Fig. 1: The flow chart to show the benchmark data, feature selection, and prediction performance of CHD risk assessment.
figure 1

a gender-specific training dataset and external dataset based on physical examination data. Among them, purple indicates patients with CHD regardless of gender, and yellow indicates healthy people regardless of gender. The pink shows the female population and the blue shows the male population. The three-step feature screening scheme is as follows: b Stage 1 is an IFS curve (blue curve) generated based on the AUC sorting of a single feature. The red dot of the blue curve represents the maximum AUC. The different colors of the bar plot represent different features in the feature subset, and the height of the bar plot represents the AUC value of a single feature. c Stage 2 is a heat map used to show Pearson correlations between pairwise features. d Stage 3 refers to the IFS curve (gray curve) generated after feature sorting based on the Gini coefficient. Red points on the gray curve represent the maximum value of AUC. Different colors of the histogram represent different features, and the height of the histogram represents the Gini coefficient value of a single feature. e The Gini impurity of each feature in Stage 3 and the AUC values of feature subsets generated by IFS strategy. f The ROC curves of CHD risk assessment model on male training cohort. g The ROC curves of CHD risk assessment model on female training cohort. h The ROC curves of the CHD risk assessment model on external validation cohort of males. i The ROC curves of the CHD risk assessment model on an external validation cohort of females. j The ROC curves of CHD risk scorecard on training cohort of males. k The ROC curves of CHD risk scorecard on training cohort of females. l The ROC curves of CHD risk scorecard on external validation cohort of males. m The ROC curves of CHD risk scorecard on external validation cohort of females.

Results

The preparation of physical examination data

A sufficient amount of real data is the basis for constructing a reliable high-performance model. We obtained the physical examination data from January 2018 to October 2021 from the Electronic Medical Record (EMR) of the Luzhou Municipal Health Commission in China. The sample includes healthy individuals and CHD patients diagnosed with luminal stenosis with a diameter ≥50% through coronary angiograph.

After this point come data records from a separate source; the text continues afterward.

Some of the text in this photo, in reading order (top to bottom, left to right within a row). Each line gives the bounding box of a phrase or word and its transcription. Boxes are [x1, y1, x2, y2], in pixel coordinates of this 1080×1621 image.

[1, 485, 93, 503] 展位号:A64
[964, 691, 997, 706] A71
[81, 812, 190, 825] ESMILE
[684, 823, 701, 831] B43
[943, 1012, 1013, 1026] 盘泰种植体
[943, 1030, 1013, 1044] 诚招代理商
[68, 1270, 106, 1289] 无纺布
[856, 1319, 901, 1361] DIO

After preprocessing of the samples and physical examination indicators, we acquired a dataset of 39,538 CHD patients and 640,465 healthy individuals. The average age (standard deviation (SD)) of CHD patients is 70.95 (8.51) years, of which 31.53% are male and 68.47% are female. The average age (SD) of healthy people is 58.50 (13.71) years, of which 42.44% are male and 57.56% are female. The dataset was randomly divided into a training set for model construction and a test set for internal verification in a ratio of 7:3 (Fig. 1a). Furthermore, we also obtained external validation cohort data, including 5,707 CHD patients and 90,167 healthy people. The mean age (SD) of CHD patients is 69.93 (8.49) years, with males accounting for 35.52% and females accounting for 64.48%. The mean age (SD) of healthy people is 59.48 (13.66) years, with 47.37% males and 52.63% females (Supplementary Table 1).

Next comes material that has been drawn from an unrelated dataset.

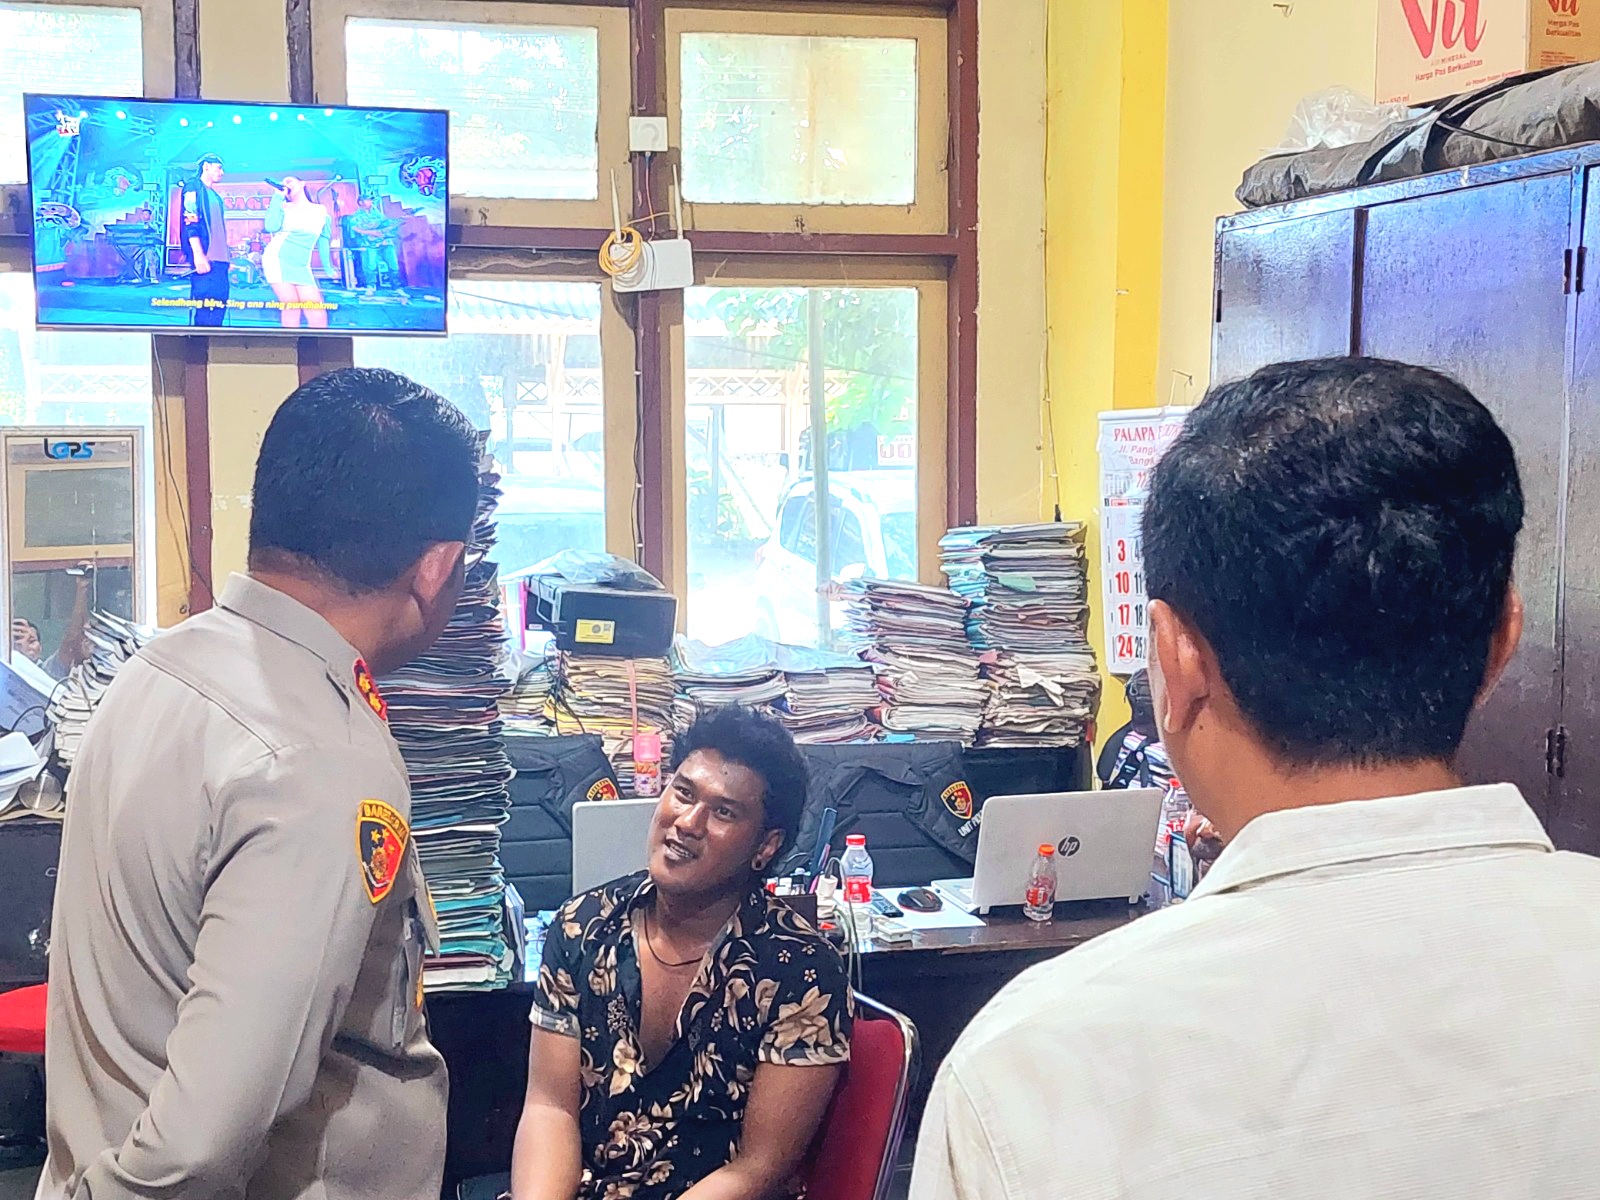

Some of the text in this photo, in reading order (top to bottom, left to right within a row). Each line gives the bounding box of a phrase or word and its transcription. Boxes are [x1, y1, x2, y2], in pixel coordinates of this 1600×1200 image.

After preprocessing the questionnaire survey on the lifestyle habits of CHD patients and healthy individuals, a total of 45,242 CHD patients and 730,348 healthy individuals were collected (Supplementary Table 2). The questionnaire data reflects the lifestyle habits of CHD patients after the diagnosis of CHD. Additionally, after preprocessing the questionnaire survey on comorbidities of CHD and healthy people, there were 47,947 samples from CHD patients and 780,938 samples from healthy individuals (Supplementary Table 3).

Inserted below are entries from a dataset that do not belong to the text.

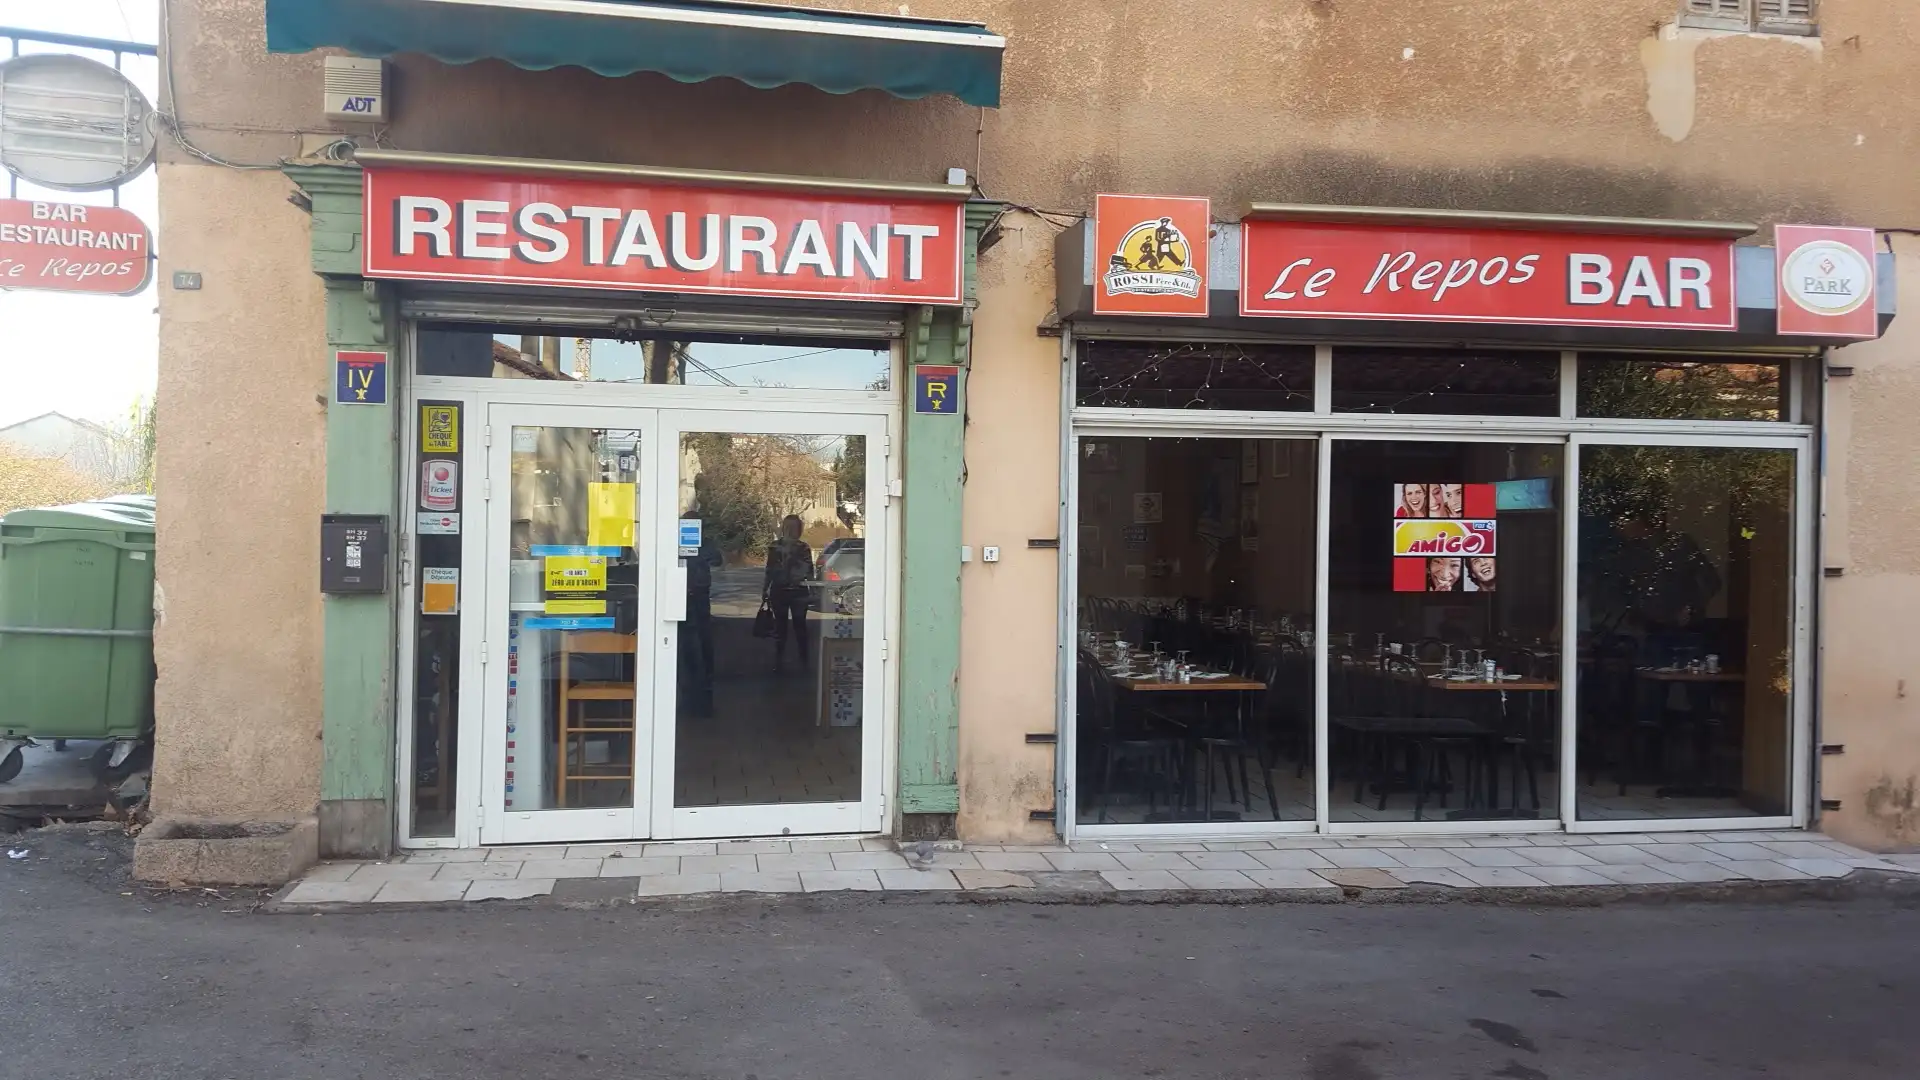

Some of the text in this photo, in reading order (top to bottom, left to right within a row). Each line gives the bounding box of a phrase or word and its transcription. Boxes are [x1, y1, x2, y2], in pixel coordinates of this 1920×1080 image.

[341, 96, 376, 112] ADT
[32, 201, 87, 223] BAR
[394, 195, 940, 281] RESTAURANT
[40, 257, 133, 281] Repos
[1113, 274, 1154, 288] ROSSI
[1264, 251, 1712, 309] Le Repos BAR
[1803, 276, 1852, 293] PARK
[927, 382, 947, 398] R
[434, 440, 453, 448] TABLE
[430, 486, 453, 494] Ticket

The physical examination data included the following characteristics: age, gender, waist-to-height ratio (WHtR), mean systolic pressure (MSP), pulse pressure (PP), mean diastolic pressure (MDP), symptoms, body temperature (BT), heart rate (HR), pulse frequency (PF), respiratory rate (RR), dorsal foot artery pulsates (DFAP), rhythm of the heart (RH), lung breath sounds (LBS), cardiac souffle (CS), lung rale (LR), dentition, vision, hearing, skin, edema of lower extremity (ELE), pulmonary barrel chest (PBC), abdominal tenderness (AT), motor function (MF), pharyngeal, sclera, anus dre (AD), lymph gland (LG), abdominal mass (AM), fasting blood glucose (FBG), electrocardiograph (ECG), blood urea nitrogen (BUN), platelet count (PLT), triglyceride, total cholesterol (TC), hemoglobin, serum low-density lipoprotein cholesterol (LDL), serum high-density lipoprotein cholesterol (HDL), urine occult blood (UOB), hemameba, serum creatinine (SC), total bilirubin (TBil), urine glucose (UGLU), serum glutamic oxalacetic transaminase (SGOT), urine acetone bodies (UAB), serum glutamic pyruvic transaminase (SGPT), hepatitis B surface antigen (HBsAg), occult blood in stool (OBS), and RH antibody (RHA).

These features encompass both continuous variables and discrete variables. For continuous variables, we calculated the average value and variance of the feature, while for discrete variables, we used the label coding method to encode them and calculated the frequency of each discrete value in the feature (Supplementary Table 1).

Selection of CHD risk factors

To identify representative and stable features from the initial physical examination indicators, we conducted a three-stage feature screening for 50 features.

In the first stage, logistic regression (LR) was utilized as the base classifier to evaluate the classification capability of each feature using 5-fold cross-validation. The features were then ranked based on their AUCs. By employing Incremental Feature Selection (IFS), 17 relevant indicators were filtered out (Fig. 1b, Supplementary Table 4).

In the second stage, the correlation between 17 features was observed using Pearson correlation coefficient (PCC) (Fig. 1c). If the correlation coefficient between the two features exceeded 0.4, we retained the feature with the higher AUC and removed the one with the lower AUC. For instance, features such as mean diastolic pressure (MDP), pulse pressure (PP), hemameba, and right ventricle (RV) were eliminated due to their correlation with other features (MDP and PP, Hemameba and Gender, RV and Age) exceeding the threshold of 0.4.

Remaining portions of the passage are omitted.